When the investigator fails to reject H0 it does not mean H0 is true, merely that H0 cannot be shown to be false beyond a “reasonable” doubt.
Suppose we draw a random sample of 100 children from eighth-grade classes in such-and-such a school system, and we find the mean=110 and SD=10. How accurate is this mean?
What we do is to set up a hypothetical distribution of sample means, all calculated from samples of 100 pupils, each drawn from the parent population of eighth-grade pupils. If we know the mean of this population of means, everything would be simple. In fact, we cannot obtain it. The best we can do is to estimate it with our sample value, or sample mean. We simply say, in this case, “Let the sample mean equal the mean of the population mean” —and hope we are right. Then we must test our equation. We do this with the standard error.
If samples are drawn from a population at random, the means of the samples will tend to be normally distributed. The larger the Ns, the more this is so. And the shape and kind of distribution of the original population makes no difference.
Why is it important to show that distributions of means approximate normality? We work with means a great deal in data analysis, and if they are normally distributed then one can use the known properties of the normal curve to interpret obtaained research data.
To infer is to derive a conclusion from premises or from evidence. To infer statistically is to derive probabilistic conclusions from probabilistic premises. We conclude probabilistically; that is, at a specified level of significance.
Another form of inference, discussed at length in the chapter on sampling, is that from a sample to a population.
One of the gravest dangers of research is the inferential leap from sample data to population fact.
It can be said, in sum, that statistics enable scientists to test substantive hypotheses indirectly by enabling them to test statistical hypotheses directly. They test the “truth” of substantive hypotheses by subjecting null hypotheses to statistical tests on the bases of probabilistic reasoning.
H0 is rejected with the awareness that an error might have been made, but the chances of that happening are less than 0.05. The conclusion of rejecting H0 on an average is correct more than 95% of the time.
As a rule, in selecting a significance level one must decide which type of error is more important to avoid or minimize. To be certain that an event of some importance has been identified before reporting it, use a fairly stringent criterion of significance, such as 0.01. On the other hand, if there is greater concern not to miss something, use a less stringent level, such as 0.05.

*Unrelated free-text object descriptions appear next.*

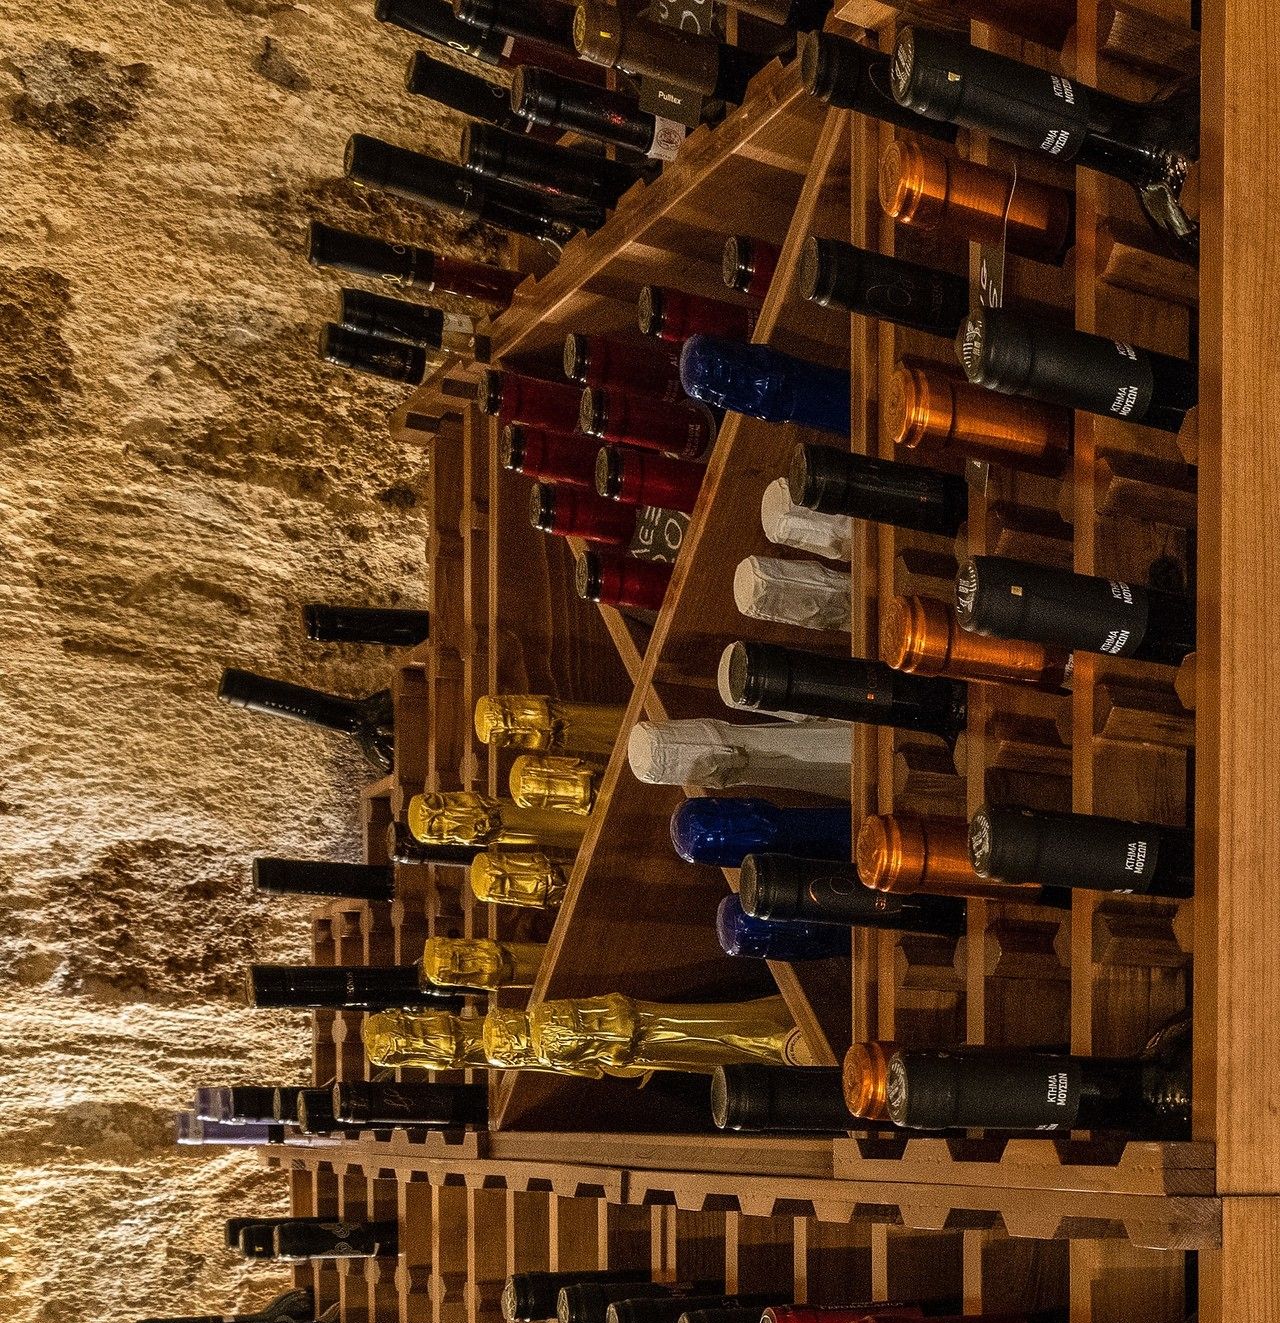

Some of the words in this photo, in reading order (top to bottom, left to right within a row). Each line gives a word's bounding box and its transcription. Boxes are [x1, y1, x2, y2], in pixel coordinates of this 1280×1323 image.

[658, 90, 682, 105] Pulltex
[1040, 129, 1059, 151] ΚΤΗΜΑ
[1110, 387, 1128, 412] ΚΤΗΜΑ
[1119, 386, 1138, 416] ΜΟΥΣΩΝ
[1100, 631, 1119, 652] ΚΤΗΜΑ
[1107, 630, 1131, 654] ΜΟΥΣΩΝ
[1125, 843, 1137, 870] ΚΤΗΜΑ
[1132, 842, 1147, 874] ΜΟΥΣΩΝ
[1047, 1075, 1058, 1102] ΚΤΗΜΑ
[1056, 1073, 1068, 1105] ΜΟΥΣΩΝ

The size of the sample is related to both types of errors. With a fixed value of type one error and a fixed sample size n, the value of type two error is predetermined. If type two error is too large, it can be reduced by either raising the level of type one error for fixed n, or by increasing n for a fixed level of type one error. Although type two error is seldom determined in an experiment, researchers can be assured that it is reasonably small by collecting a large sample.

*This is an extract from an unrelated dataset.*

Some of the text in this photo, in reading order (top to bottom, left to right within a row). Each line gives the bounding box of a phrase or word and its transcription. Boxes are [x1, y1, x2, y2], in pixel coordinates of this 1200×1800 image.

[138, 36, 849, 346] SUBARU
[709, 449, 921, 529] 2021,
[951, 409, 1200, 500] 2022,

Using our substantive hypothesis we can state it statistically. Even though we have referred to it as our statistical hypothesis, many statisticians refer to it as the research, or experimental or alternative hypothesis.

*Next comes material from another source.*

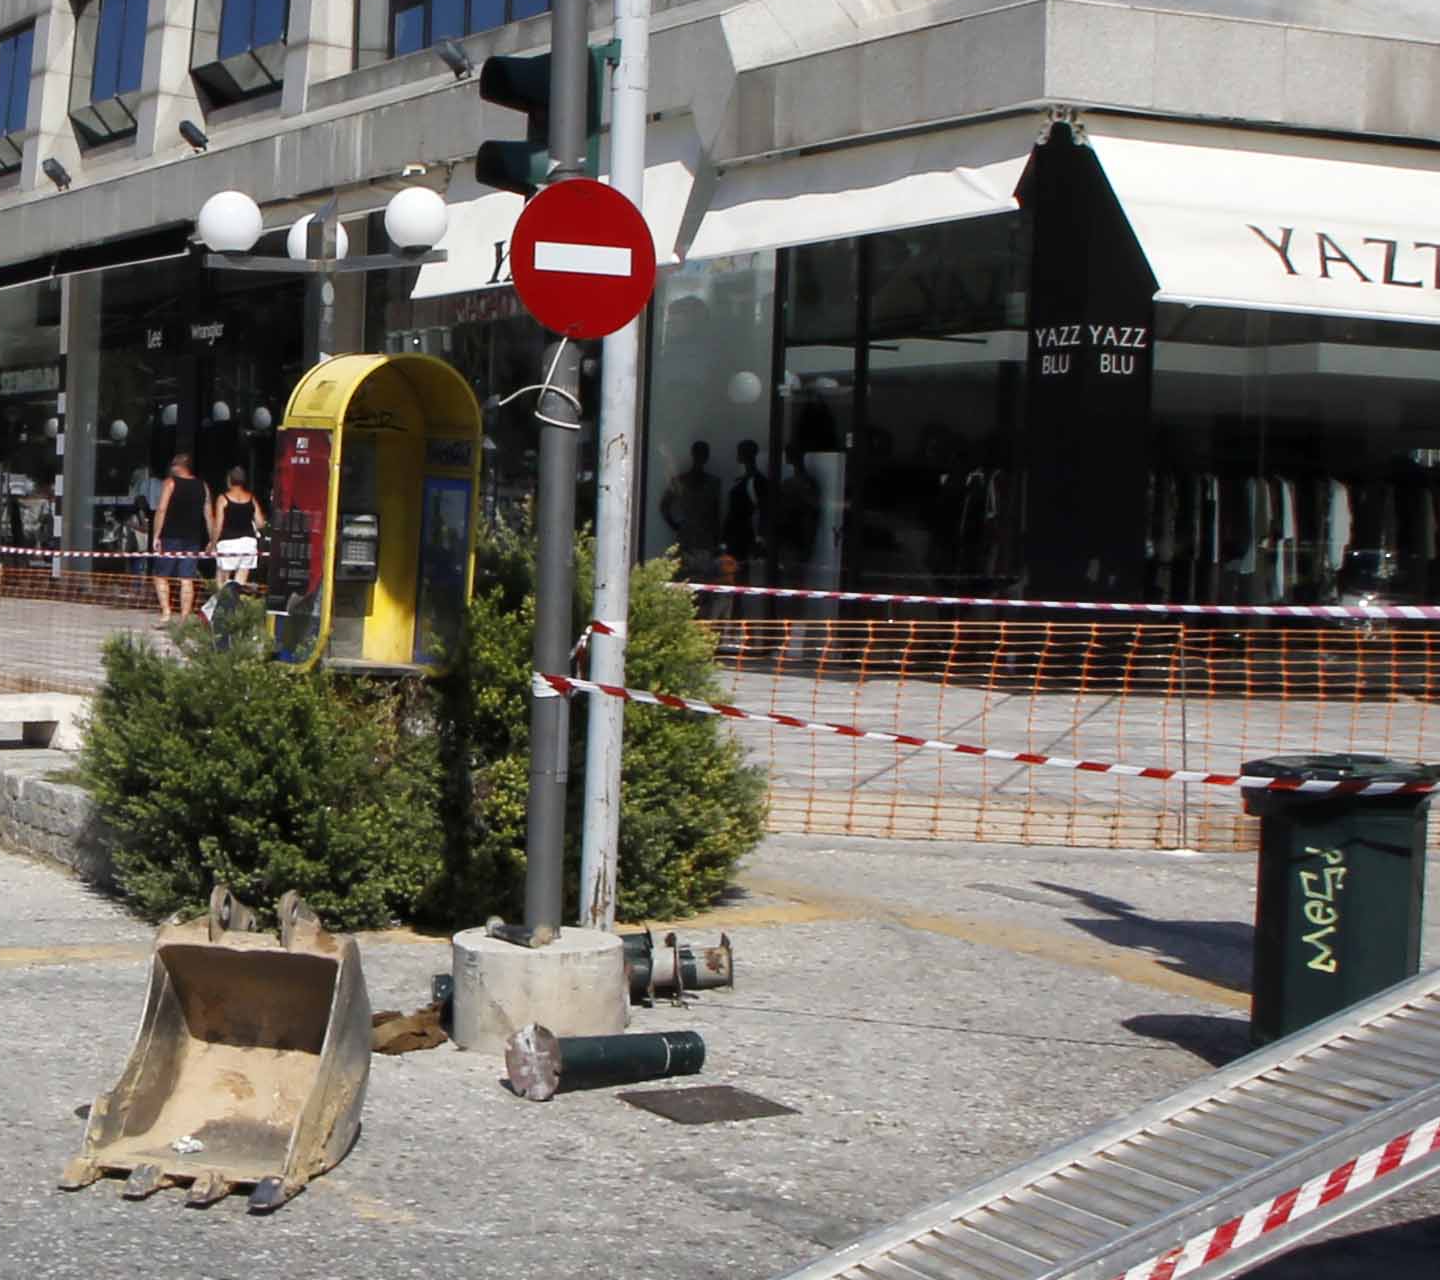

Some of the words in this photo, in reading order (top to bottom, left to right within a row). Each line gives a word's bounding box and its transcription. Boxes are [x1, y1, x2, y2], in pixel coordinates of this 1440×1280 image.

A sample that is too large is a waste of resources. A sample that is too small is also a wasted effort since it will not be large enough to detect a significant effect (difference).
By increasing the sample size, the sampling distribution becomes narrower and the standard error becomes smaller. As a result, a large sample increases the likelihood of detecting a difference. However, too large of a sample will make a very small difference statistically significant, but not necessarily of practical significance.